- _YOUR ASSIGNMENT_: Write out the data word for word and omit every picture.

START DATA FOR THIS TASK

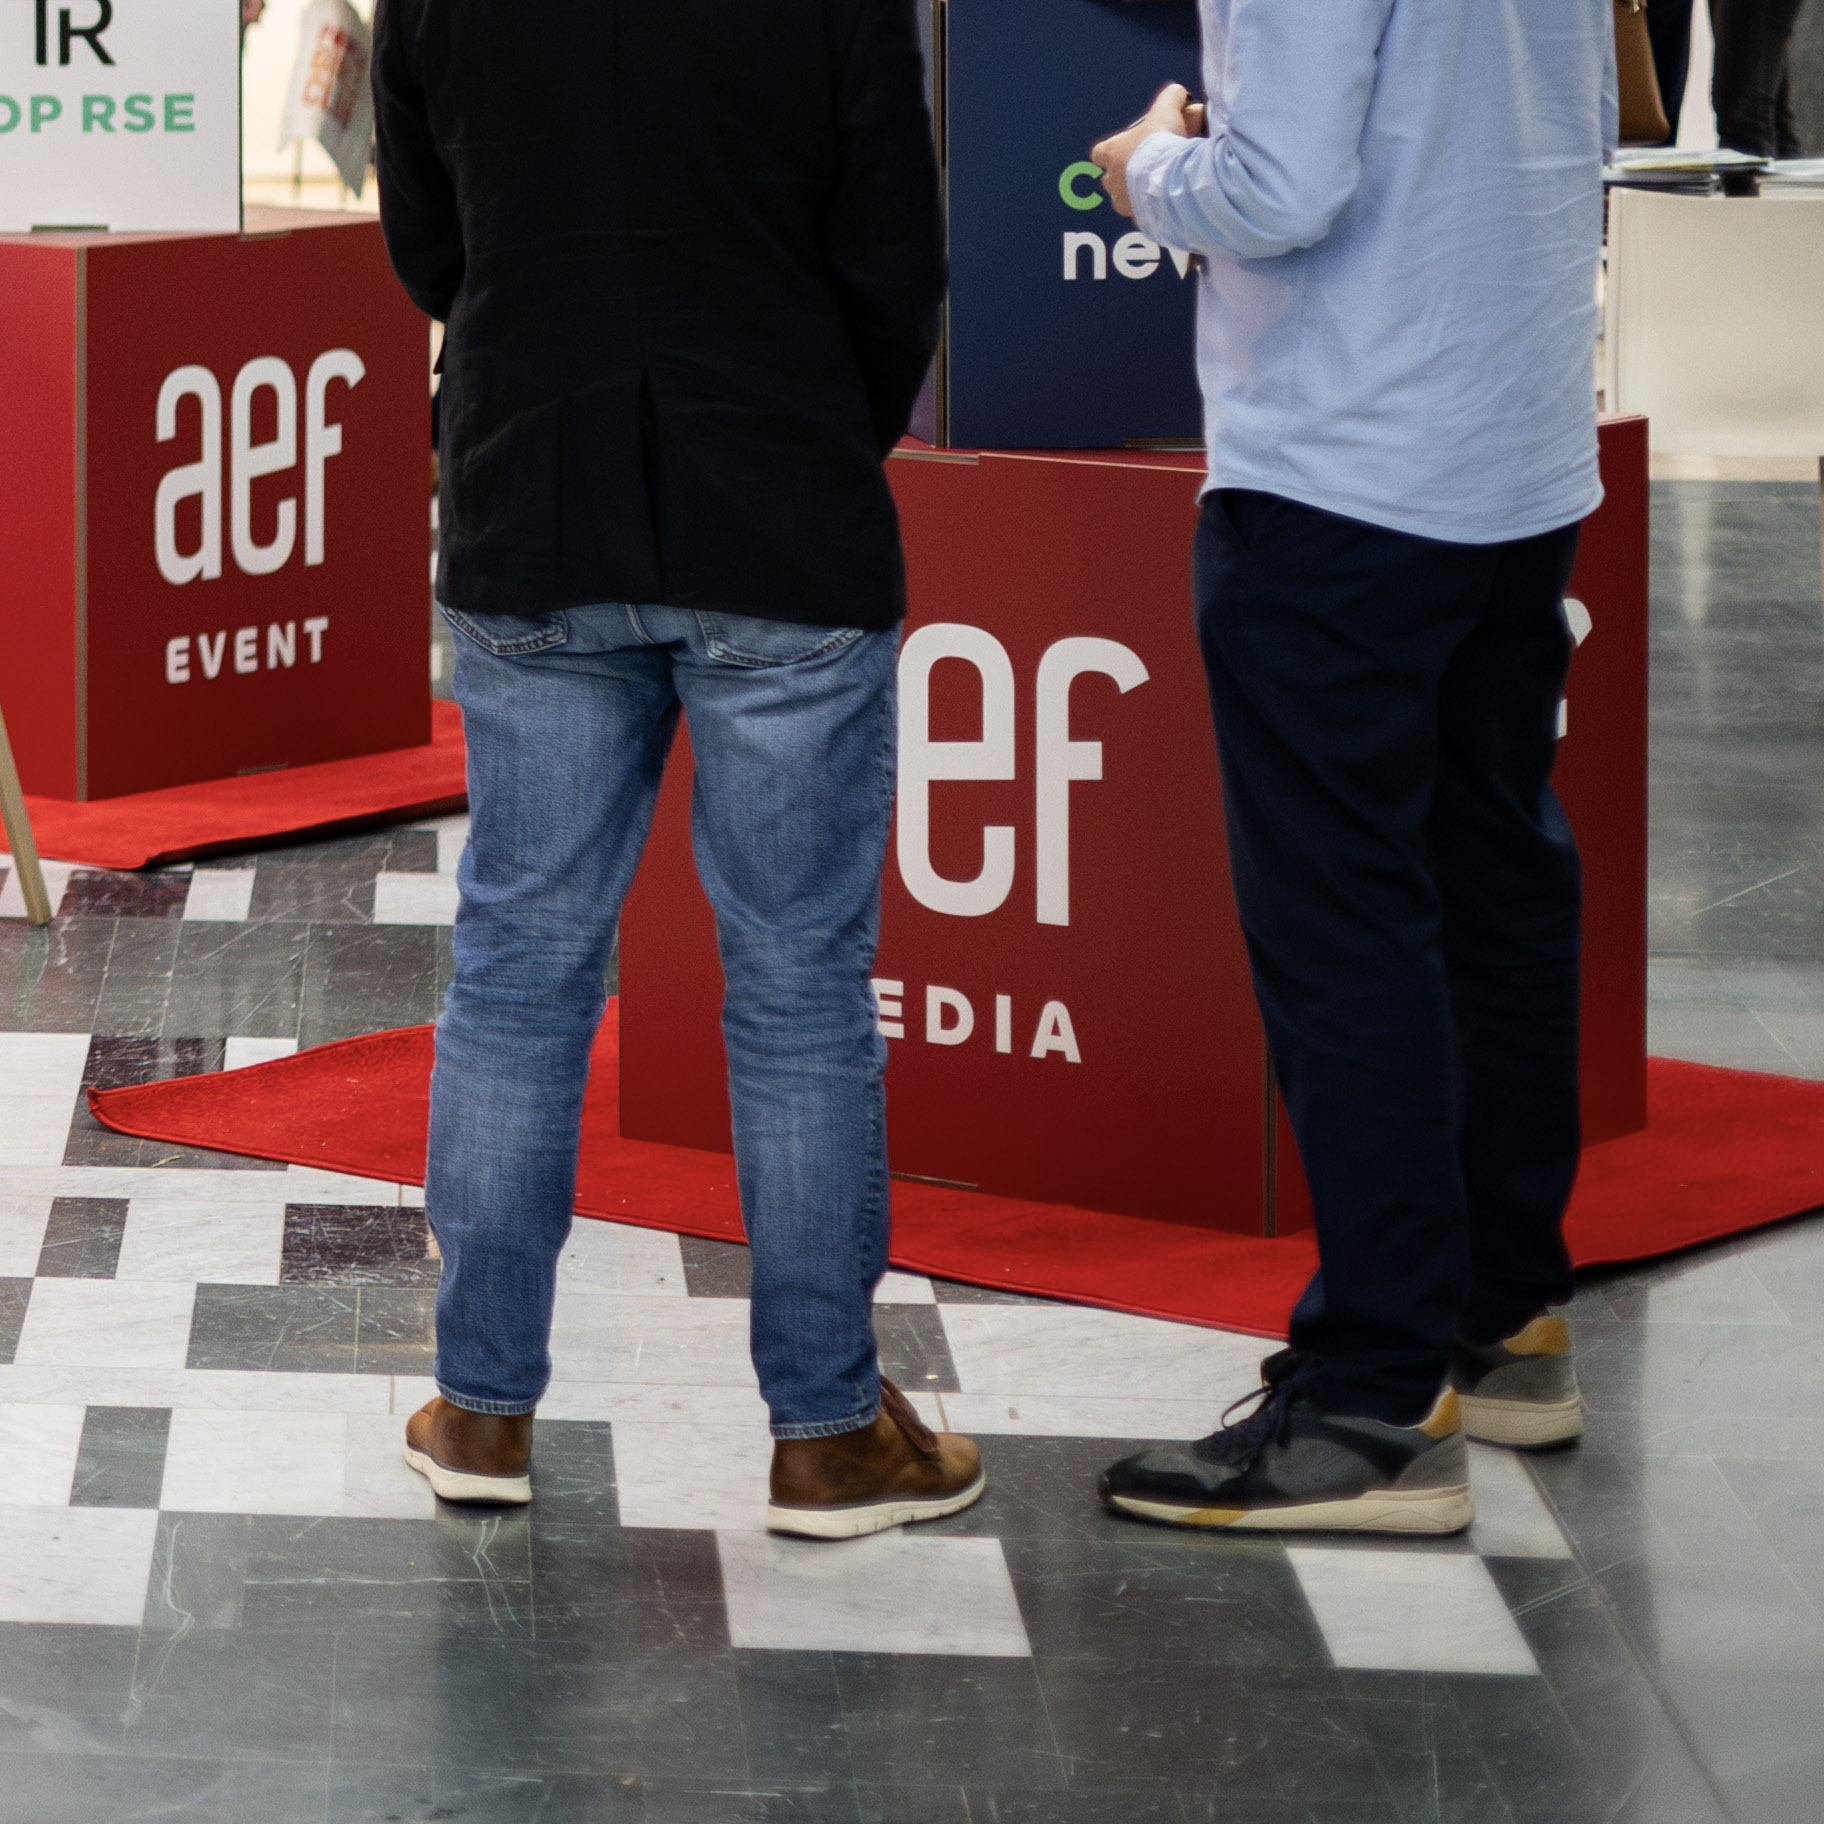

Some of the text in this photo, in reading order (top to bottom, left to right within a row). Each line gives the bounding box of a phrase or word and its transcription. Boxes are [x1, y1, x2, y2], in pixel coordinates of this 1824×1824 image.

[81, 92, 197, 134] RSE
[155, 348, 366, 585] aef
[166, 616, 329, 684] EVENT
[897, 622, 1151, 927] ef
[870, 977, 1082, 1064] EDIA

END DATA FOR THIS TASK

- _TASK RESULT_:
Some of the text in this photo, in reading order (top to bottom, left to right within a row). Each line gives the bounding box of a phrase or word and its transcription. Boxes are [x1, y1, x2, y2], in pixel coordinates of this 1824×1824 image.

[81, 92, 197, 134] RSE
[155, 348, 366, 585] aef
[166, 616, 329, 684] EVENT
[897, 622, 1151, 927] ef
[870, 977, 1082, 1064] EDIA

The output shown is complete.